What do you find most enjoyable about your International Atlantic Economic Society Membership?:
The conferences. Plenary sessions for incisive debates on headline issues, regular sessions for cutting edge research. I never come home without a hundred sparks for new work, things to talk with my students and colleagues about, formal research lines. I enjoy helping organize sessions at conferences. With the encouragement of Charlie Calomiris, Christine Cumming of the New York Fed and I are putting together four sessions on “The Future of Large Financial Institutions” for the Savannah meetings. We hope to continue these sessions at the Milan and Boston meetings to form a cadre of researchers affiliated with the IAES who investigate financial markets and institutions and confer at the IAES meetings.
What types of projects/research are you working on and what sparked your interest?
Loretta J. Mester, President of the Federal Reserve Bank of Cleveland, and I were cited in the Wall Street Journal, as leaders in the field of measuring economies of scale exhibited by large banks. We have recently published a much cited study that, as the Journal noted, “. . . has found economies of scale at all sizes of banks, and that bigger banks enjoy higher economies of scale – that is, they are able to provide products at lower cost than smaller banks. That is a break from earlier research that did not find economies of scale at big banks. Their work finds that these cost advantages don’t just come from lower-cost funding investors are willing to give big banks because they believe the government will bail them out if trouble strikes – the cost advantage big bank critics focus on. In other words, there are good business reasons for banks to be big, according to their research.”

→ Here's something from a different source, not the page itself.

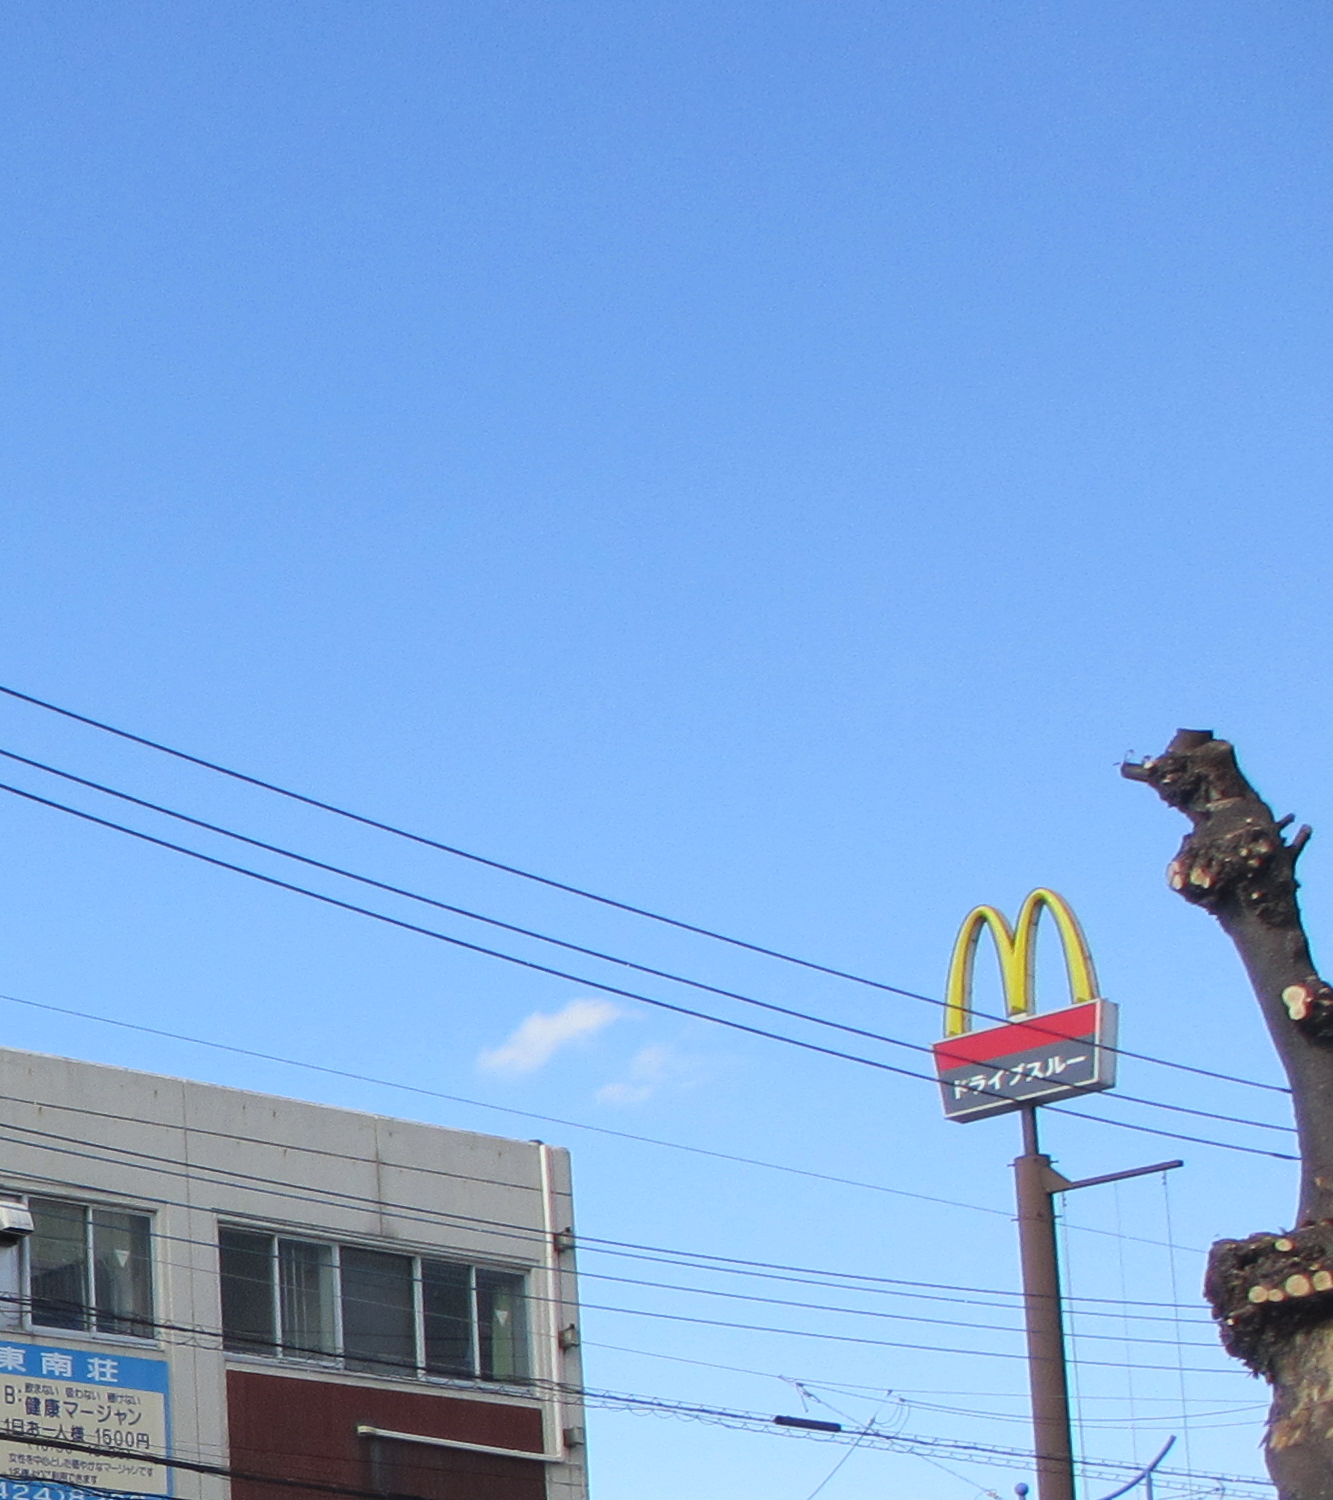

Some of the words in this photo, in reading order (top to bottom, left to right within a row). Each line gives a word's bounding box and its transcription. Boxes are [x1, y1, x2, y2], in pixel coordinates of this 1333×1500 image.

[953, 1054, 1088, 1100] ドライブスルー
[95, 1427, 150, 1450] 1500円

The policy implications of this work for Too Big To Fail and for regulations aimed at promoting financial system stability under the Dodd-Frank Act have been discussed in recent speeches by Federal Reserve Vice Chairman Stanley Fischer and Federal Reserve Governors Jeremy Stein and Jerome Powell as well as in a recent hearing of the U. S. Senate Committee on Banking on the question, “What Makes a Bank Systemically Important?”
What inspires/motivates you in your line of work or field of study?
Working with data to explore their patterns and applying theory to the data to find patterns not visible to the “naked eye” often yield evidence both expected and sometimes very surprising. And when these discoveries are made with colleagues committed to the same work, we all enjoy the pleasure of shared discoveries and the promise of more work together.